:: Exercise ::
Could you transcribe every entry below exactly, leaving out the pictures?

:: Data ::
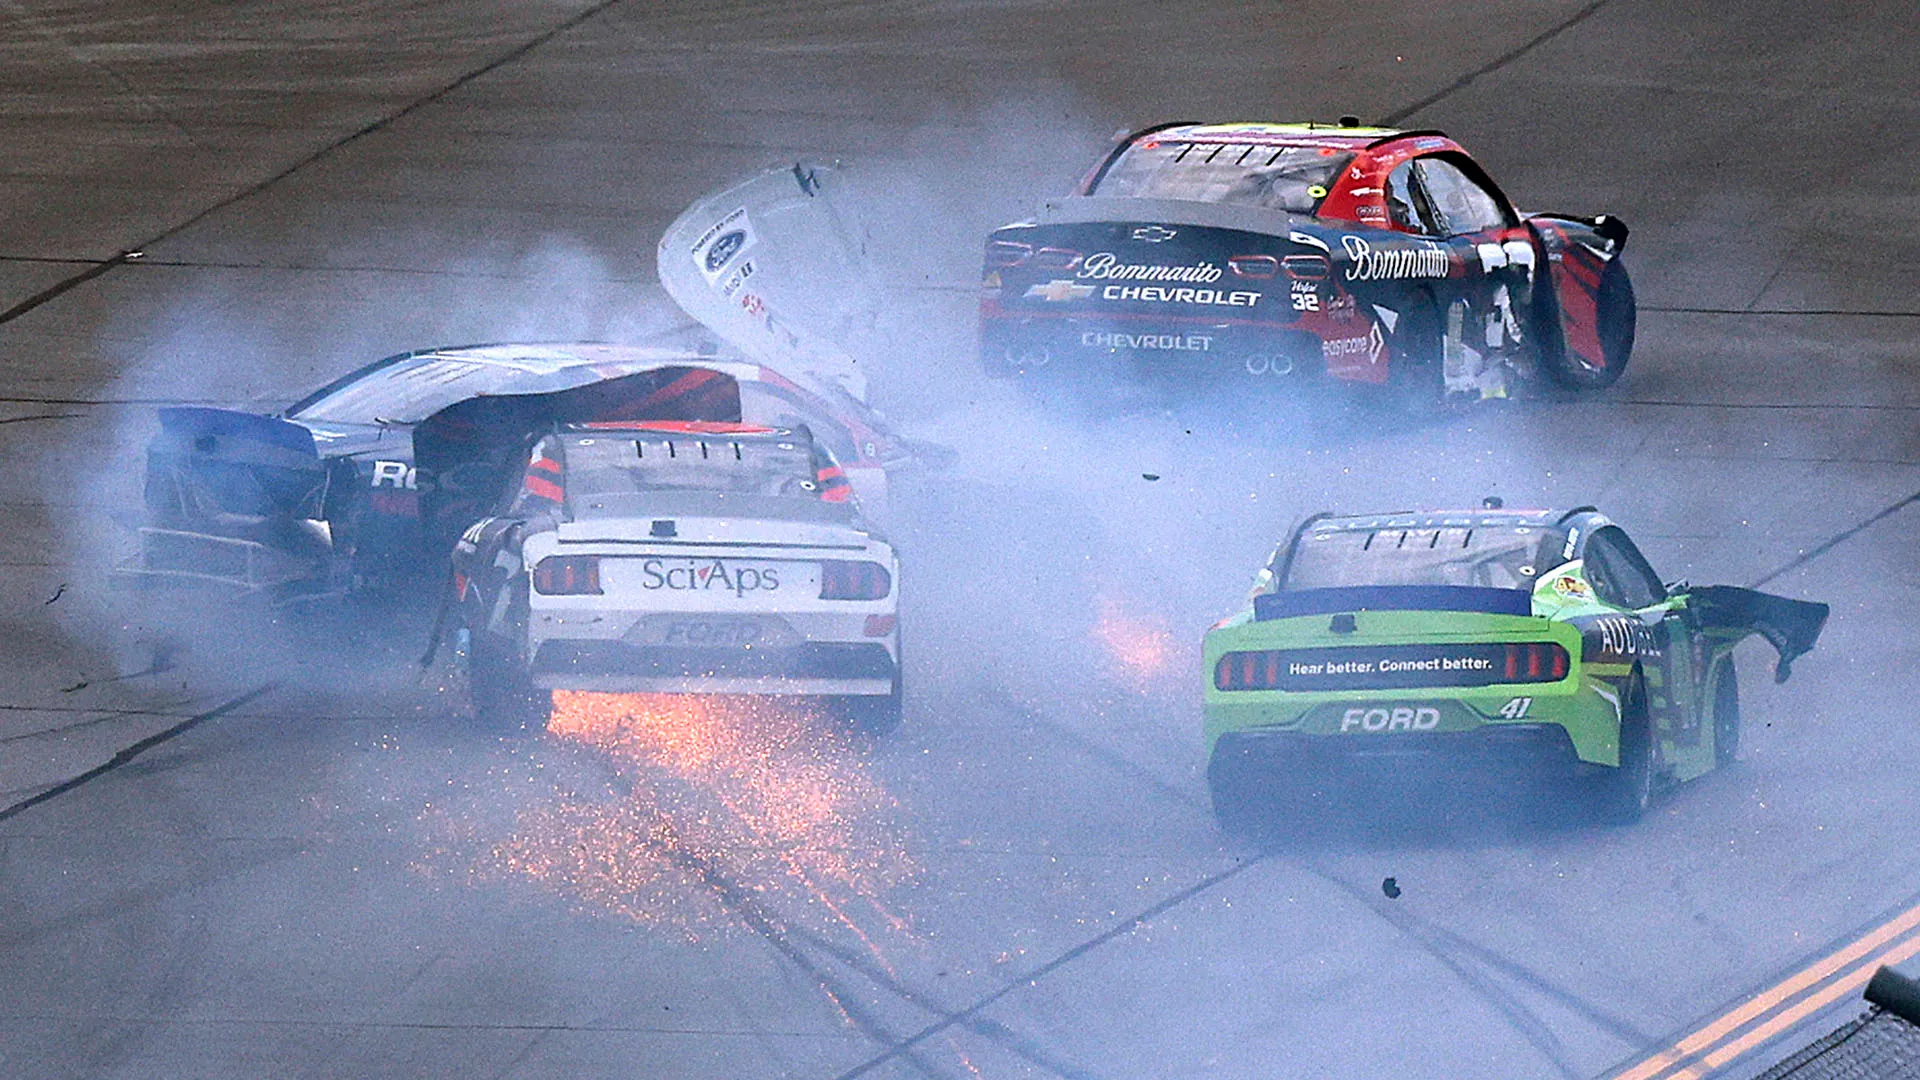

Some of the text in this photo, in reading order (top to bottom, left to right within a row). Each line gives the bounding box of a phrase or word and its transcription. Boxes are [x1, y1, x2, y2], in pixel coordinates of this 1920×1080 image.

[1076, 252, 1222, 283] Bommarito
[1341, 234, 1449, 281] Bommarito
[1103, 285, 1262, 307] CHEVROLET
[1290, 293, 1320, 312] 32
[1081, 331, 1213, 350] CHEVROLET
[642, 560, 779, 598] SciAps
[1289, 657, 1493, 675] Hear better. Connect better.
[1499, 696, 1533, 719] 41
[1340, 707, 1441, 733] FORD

:: Response to this exercise ::
Some of the text in this photo, in reading order (top to bottom, left to right within a row). Each line gives the bounding box of a phrase or word and its transcription. Boxes are [x1, y1, x2, y2], in pixel coordinates of this 1920×1080 image.

[1076, 252, 1222, 283] Bommarito
[1341, 234, 1449, 281] Bommarito
[1103, 285, 1262, 307] CHEVROLET
[1290, 293, 1320, 312] 32
[1081, 331, 1213, 350] CHEVROLET
[642, 560, 779, 598] SciAps
[1289, 657, 1493, 675] Hear better. Connect better.
[1499, 696, 1533, 719] 41
[1340, 707, 1441, 733] FORD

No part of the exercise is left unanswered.